Even though every individual shows a steady decline in hearing ability with ageing, there is a large variation in age of onset, severity of hearing loss and progression of disease, which results in a wide spectrum of pure-tone threshold patterns and word discrimination scores. Presbyacusis has always been considered to be an incurable and an unpreventable disorder, thought to be part of the natural process of ageing, but nowadays, it is recognized as a complex disorder, with both environmental and genetic factors contributing to the etiology of the disease. This is a progressive hearing loss due to the failure of hair-cell receptors in the inner ear, in which the highest frequencies are affected first. Hearing loss may also be due to noise exposure, ototoxic drugs, metabolic disorders, infections, or genetic causes.(Weinstein BE. 1989).

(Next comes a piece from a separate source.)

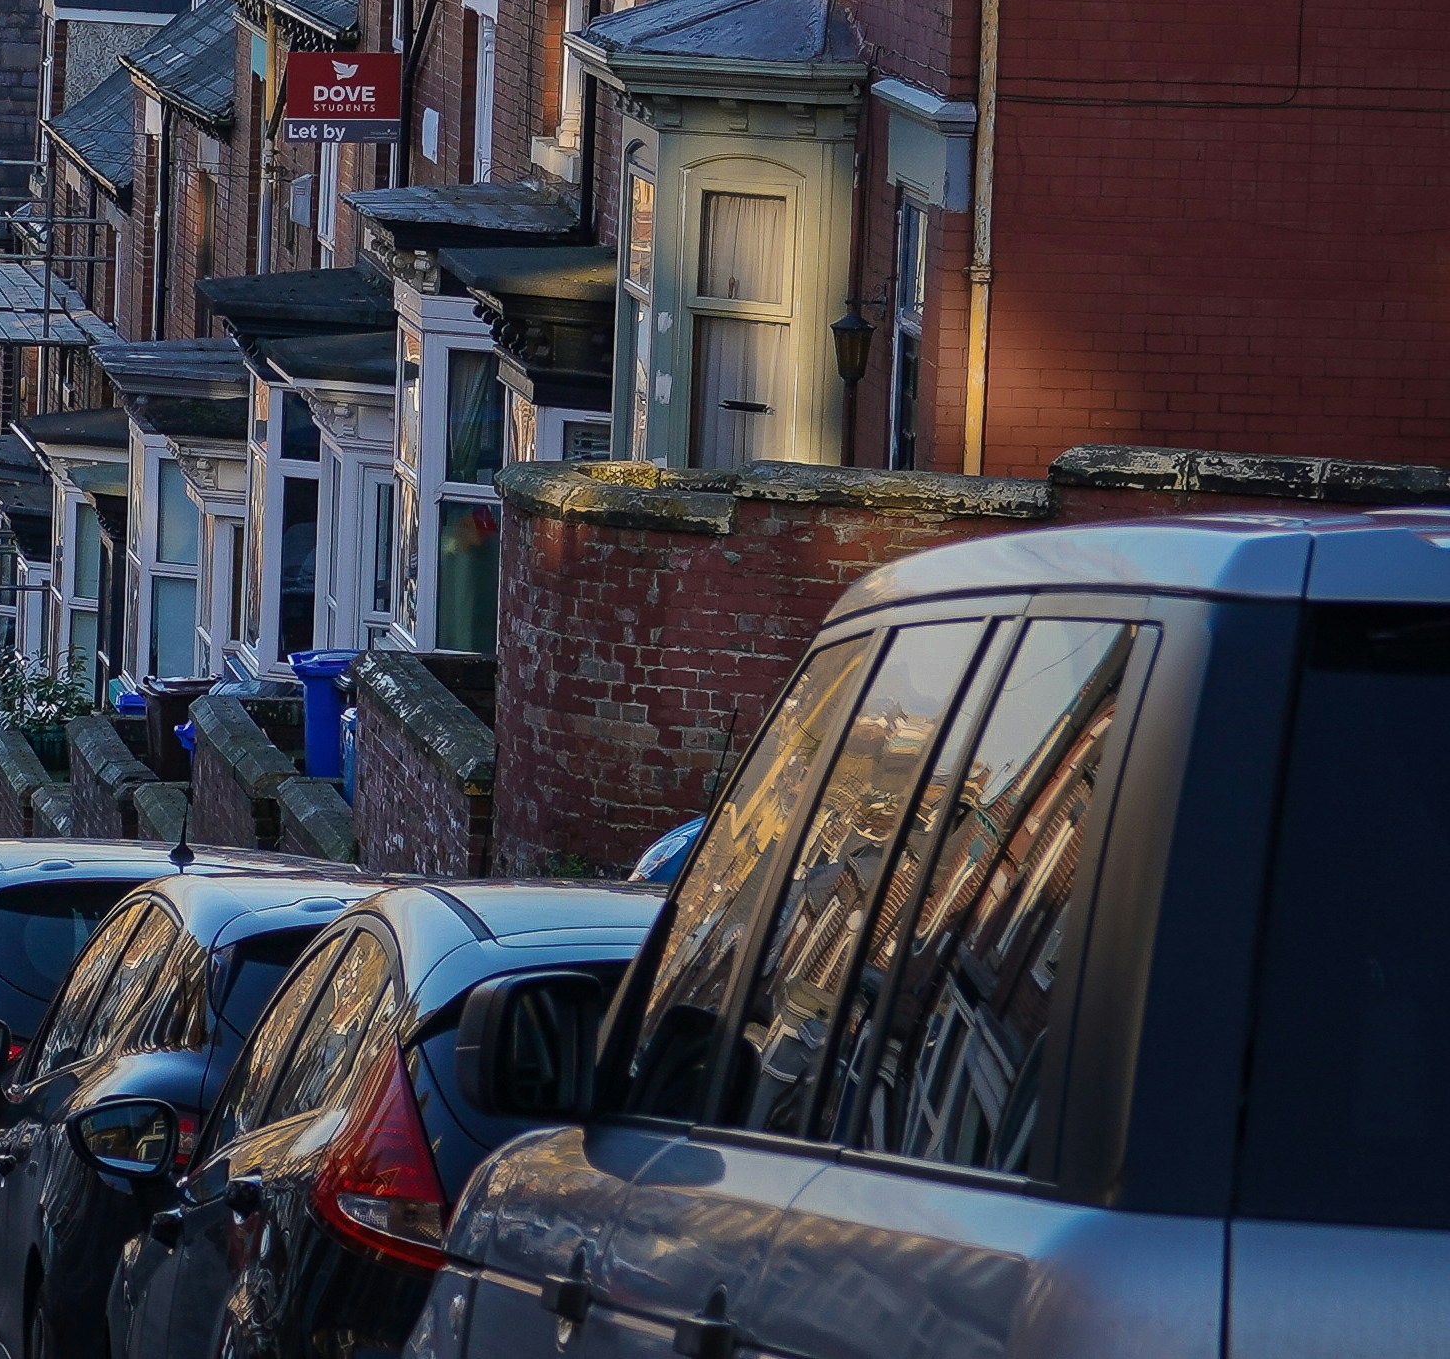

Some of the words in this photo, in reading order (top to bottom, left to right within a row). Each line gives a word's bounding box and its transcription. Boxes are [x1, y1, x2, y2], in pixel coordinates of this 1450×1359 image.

The second leading causes of adult sensorineural hearing loss (SNHL) in The United States is noise-induced hearing loss. The usual presentation of noise-induced hearing loss is high frequency sloping SNHL with high-pitched tinnitus and loss of speech discrimination. For broad-spectrum industrial noise, hearing loss is greatest at 3-6 KHz. The mechanism of noise-induced hearing loss appears to be a softening, fusion and eventual loss of stereocilia in the outer hair

cells of frequency specific regions of the cochlea. Acoustic trauma in the form of intense short-duration sound may cause a permanent hearing loss by tearing cochlea membranes, thereby allowing endolymph and perilymph to mix. Infectious causes of hearing loss in adults include viruses, syphilis, chronic and acute otitis media, lyme disease, and bacterial meningitis. Viral infections are common causes of SNHL in children. In adults, herpes zoster oticus is a well known cause SNHL. Other viruses, such as human spumaretrovirus and adenovirus have been implicated in selected cases of sudden SNHL. Chronic otitis media may lead to progressive SNHL, either by tympanogenic supporative labyrinthitis, or by labyrinthine fistula. Acute otitis media may also lead to SNHL, but the etiology is unclear. Bacterial meningitis causes hearing loss in about 20% of cases, most commonly bilateral, permanent, severe to profound SNHL. Haemophilus influentia, Neisseria meningitidis and Streptococcus pneumoniae are the most common in children. The hearing loss associated with bacterial meningitis occurs early in the course of the disease, and appears to be due to the penetration of bacteria and toxins along the cochlear aqueduct or internal auditory canal leading to a suppurative labyrinthitis, perineuritis, or neuritis of the eighth nerve. Thrombophlebitis or emboli of the small labyrinthine vessels and hypoxia of the neural pathways may also contribute to the hearing loss. Antibiotics may contribute to hearing loss indirectly by causing a rapid accumulation of bacterial degradation products such as endotoxins and cell wall antigens. The evoked host inflammatory response is thought to worsen destruction of normal tissue. Support for this theory comes from corticosteroid use during bacterial meningitis, which dampens the inflammatory response, and has been shown to improve post-meningitis hearing.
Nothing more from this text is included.